§ **Phrase grounding data**:
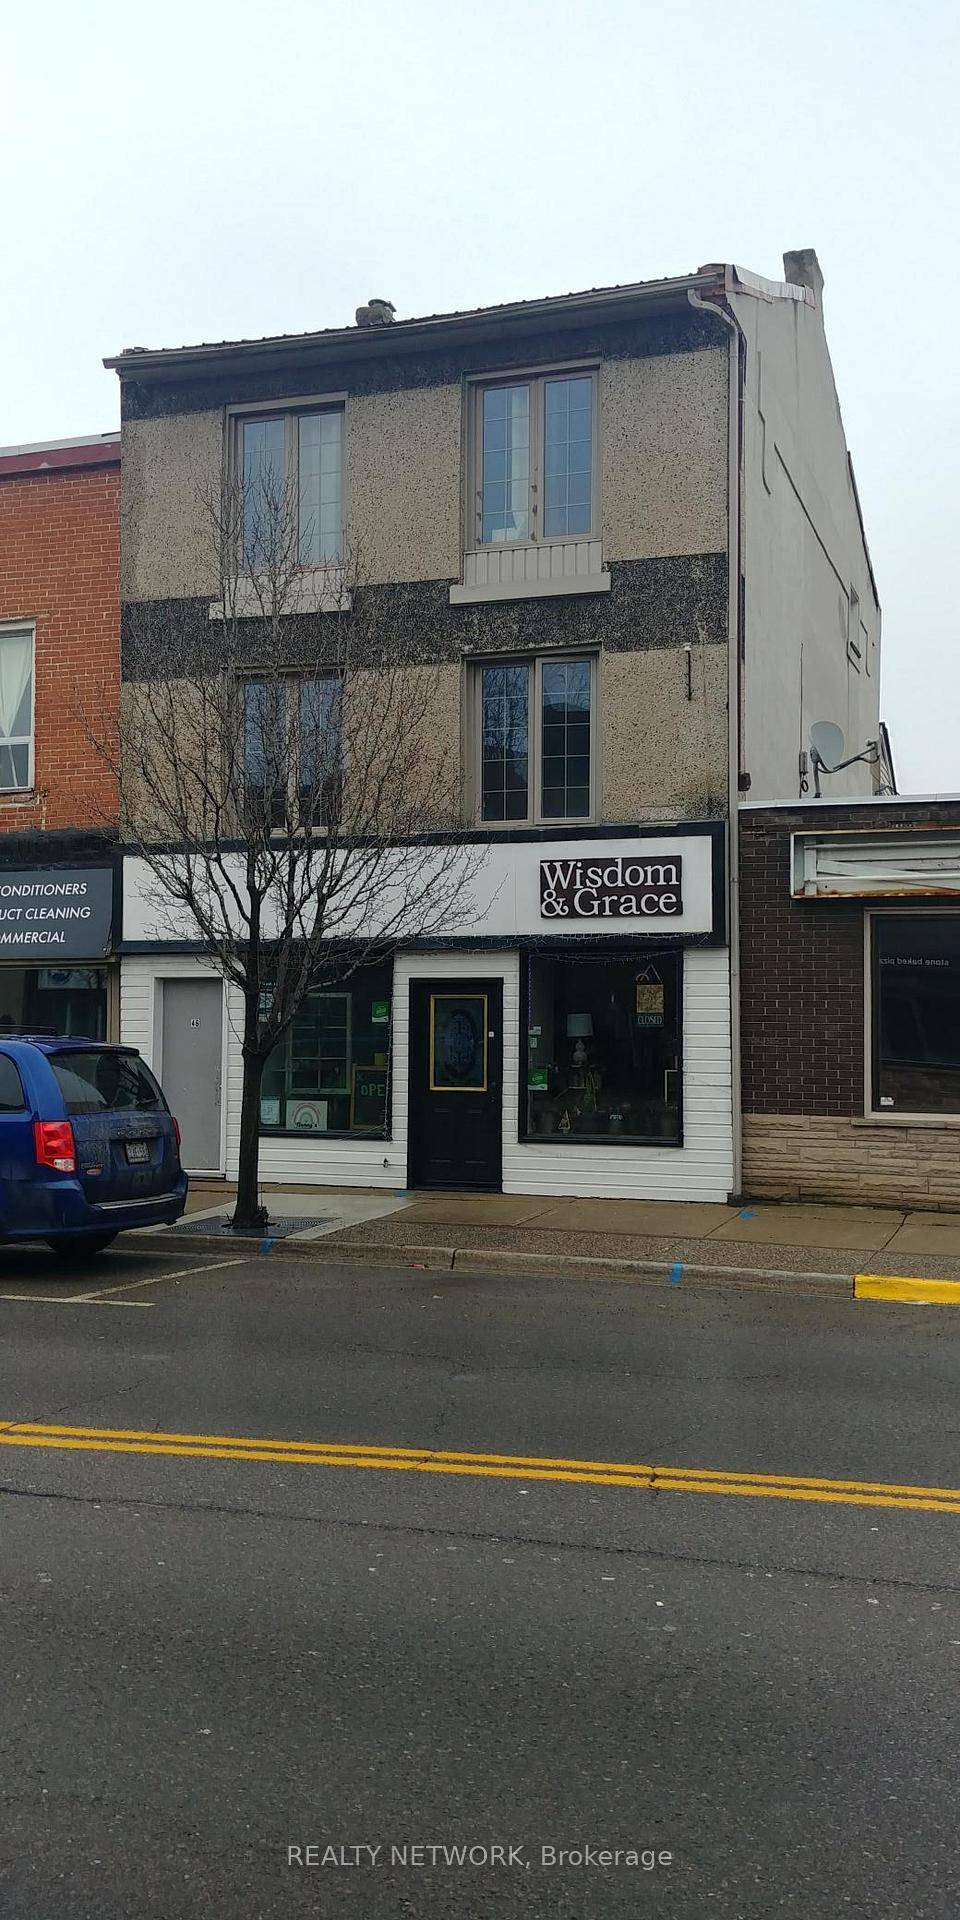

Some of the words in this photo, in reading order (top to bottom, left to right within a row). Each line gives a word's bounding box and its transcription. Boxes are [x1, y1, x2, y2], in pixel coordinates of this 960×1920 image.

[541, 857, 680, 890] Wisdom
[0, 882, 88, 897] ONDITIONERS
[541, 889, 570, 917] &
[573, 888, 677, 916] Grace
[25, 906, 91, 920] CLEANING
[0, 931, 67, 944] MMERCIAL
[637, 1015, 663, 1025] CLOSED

§ **DIRECTIONS**:
Exclude images. Return the data above verbatim.

§ **RESULT FOR THIS TASK**:
Some of the words in this photo, in reading order (top to bottom, left to right within a row). Each line gives a word's bounding box and its transcription. Boxes are [x1, y1, x2, y2], in pixel coordinates of this 960×1920 image.

[541, 857, 680, 890] Wisdom
[0, 882, 88, 897] ONDITIONERS
[541, 889, 570, 917] &
[573, 888, 677, 916] Grace
[25, 906, 91, 920] CLEANING
[0, 931, 67, 944] MMERCIAL
[637, 1015, 663, 1025] CLOSED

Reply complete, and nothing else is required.